• [DATA]:
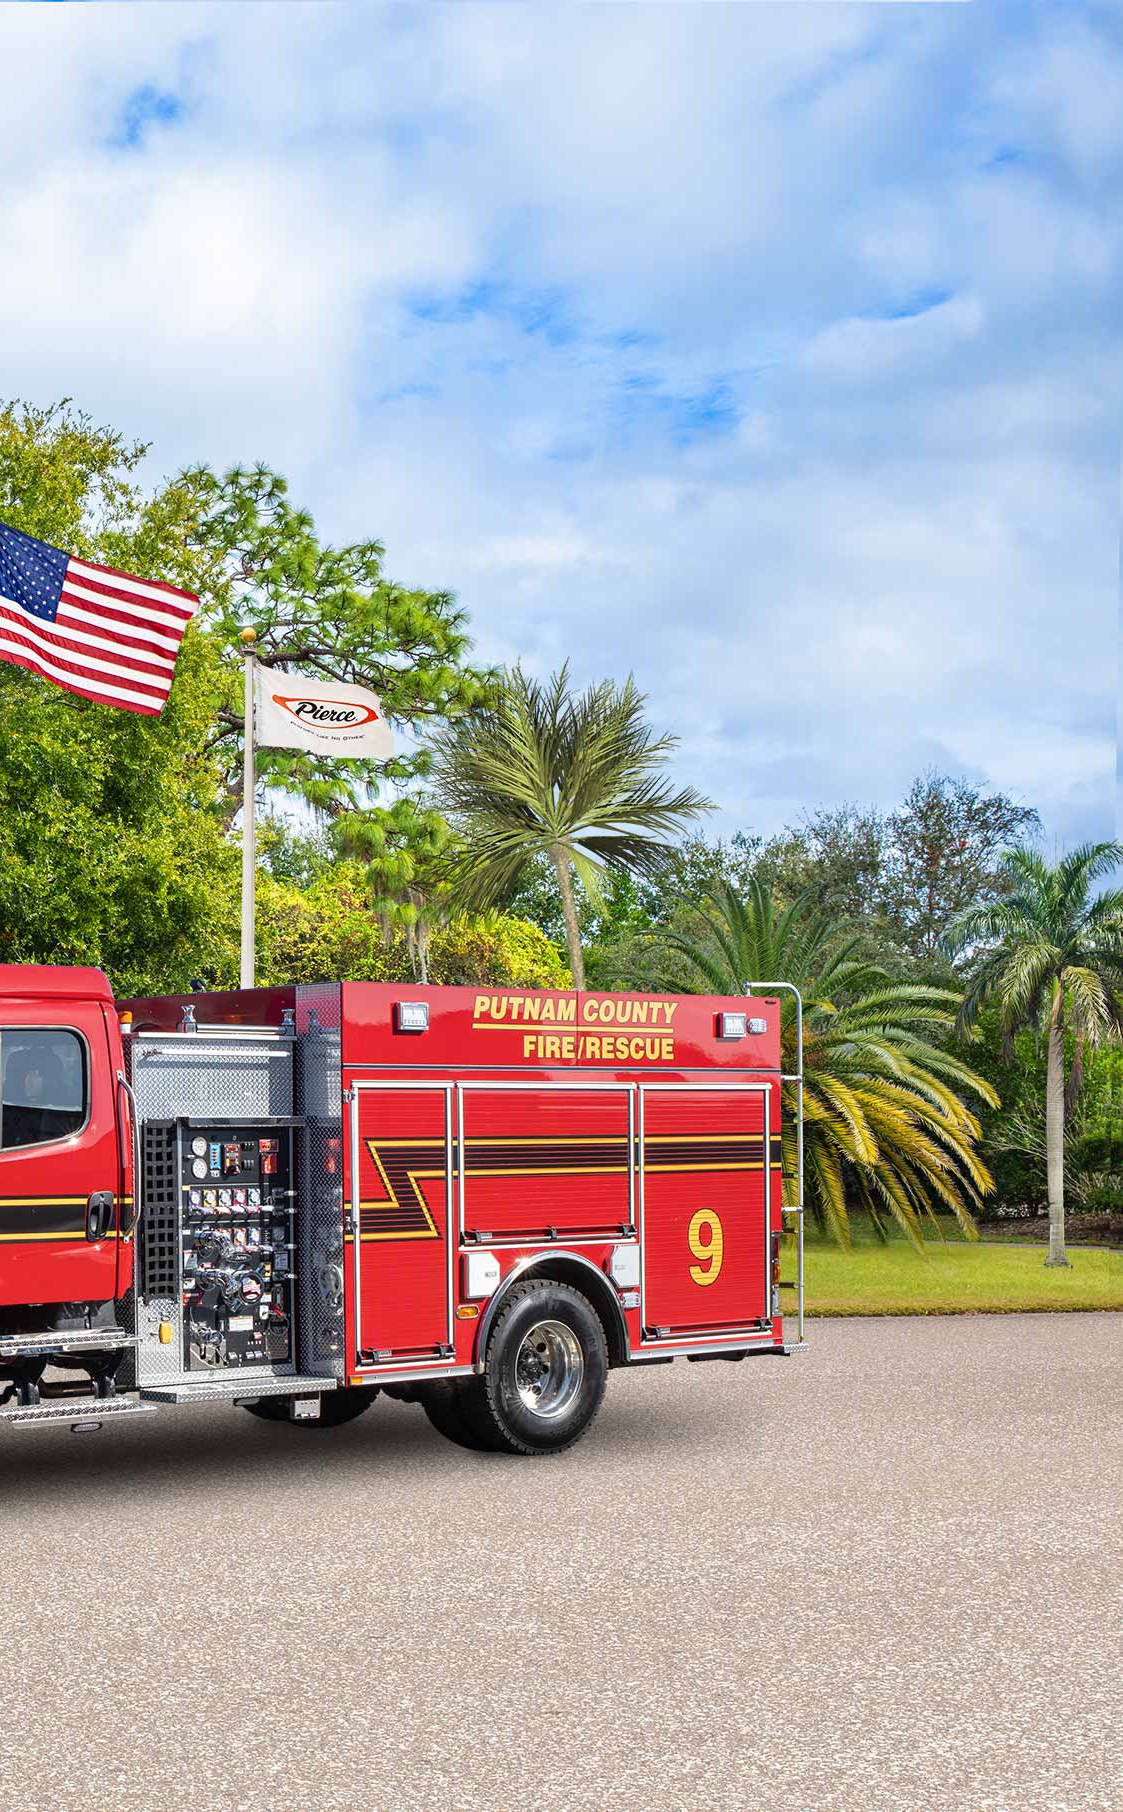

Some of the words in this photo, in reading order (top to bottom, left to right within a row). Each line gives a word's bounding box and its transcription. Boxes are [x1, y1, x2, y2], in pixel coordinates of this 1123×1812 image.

[295, 701, 356, 721] Pierce
[473, 995, 576, 1022] PUTNAM
[582, 999, 678, 1024] COUNTY
[523, 1034, 674, 1060] FIRE/RESCUE
[688, 1208, 725, 1287] 9
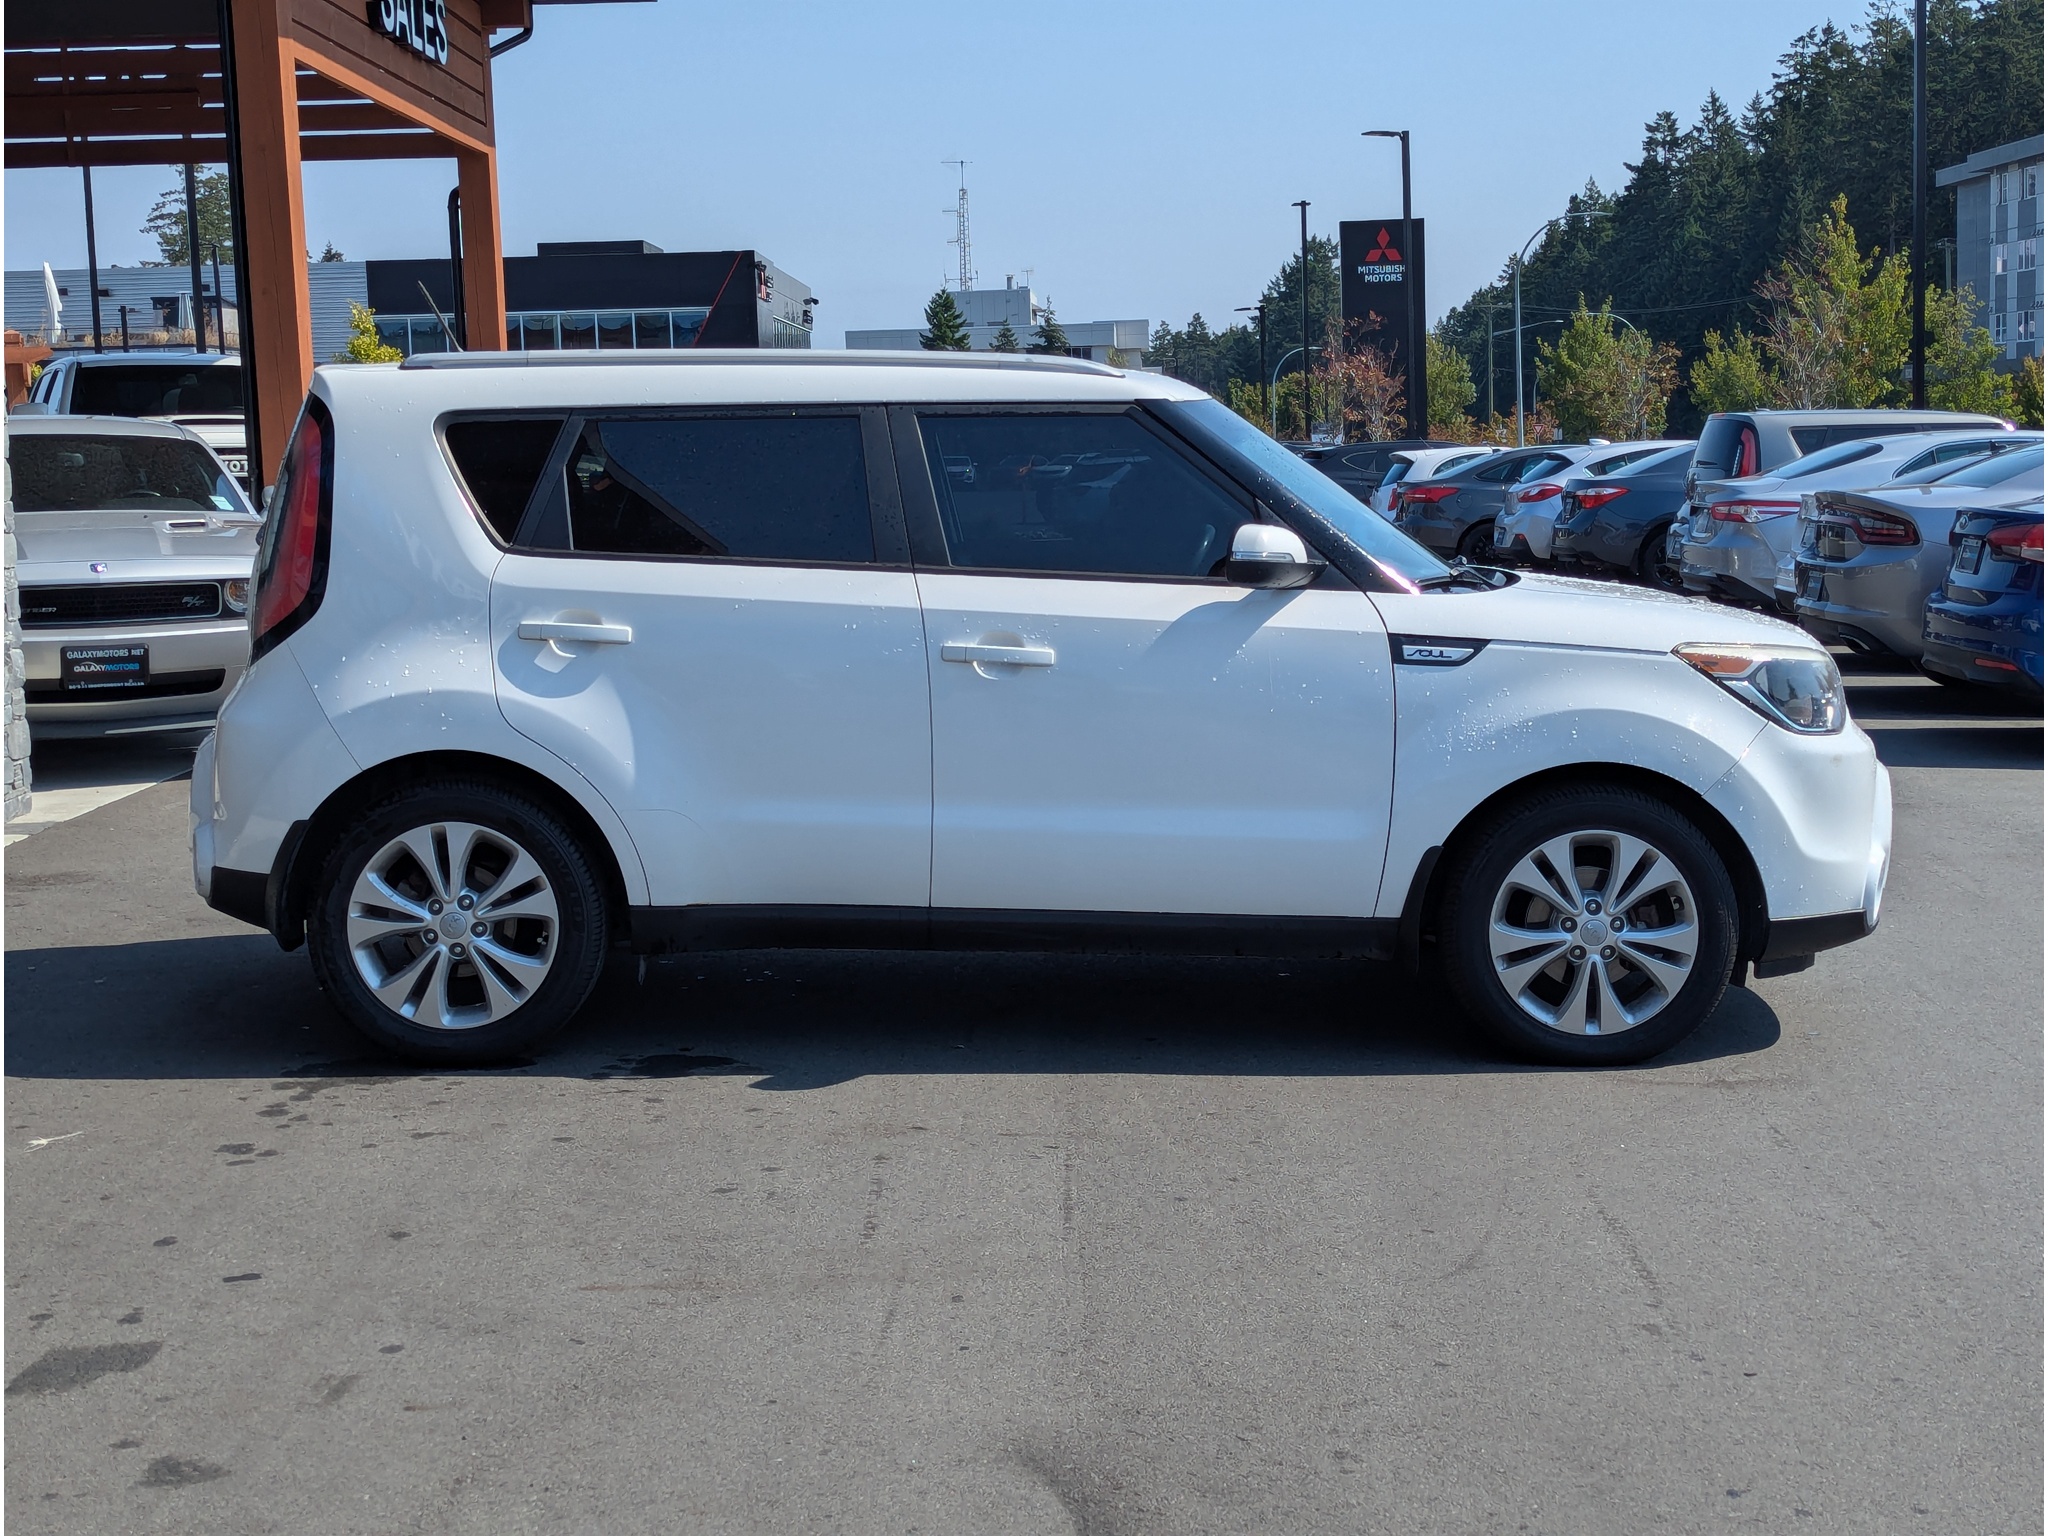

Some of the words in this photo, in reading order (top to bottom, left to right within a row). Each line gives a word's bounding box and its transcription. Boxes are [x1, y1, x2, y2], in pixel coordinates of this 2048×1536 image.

[1357, 264, 1406, 274] MITSUBISH
[1364, 273, 1403, 283] MOTORS
[1406, 648, 1453, 659] SOUL
[73, 663, 140, 673] GALAXYMOTORS

• [ASSIGNMENT]: Repeat the data above word for word, without pictures.

• [FINAL ANSWER]:
Some of the words in this photo, in reading order (top to bottom, left to right within a row). Each line gives a word's bounding box and its transcription. Boxes are [x1, y1, x2, y2], in pixel coordinates of this 1123×1812 image.

[295, 701, 356, 721] Pierce
[473, 995, 576, 1022] PUTNAM
[582, 999, 678, 1024] COUNTY
[523, 1034, 674, 1060] FIRE/RESCUE
[688, 1208, 725, 1287] 9

Some of the words in this photo, in reading order (top to bottom, left to right within a row). Each line gives a word's bounding box and its transcription. Boxes are [x1, y1, x2, y2], in pixel coordinates of this 2048×1536 image.

[1357, 264, 1406, 274] MITSUBISH
[1364, 273, 1403, 283] MOTORS
[1406, 648, 1453, 659] SOUL
[73, 663, 140, 673] GALAXYMOTORS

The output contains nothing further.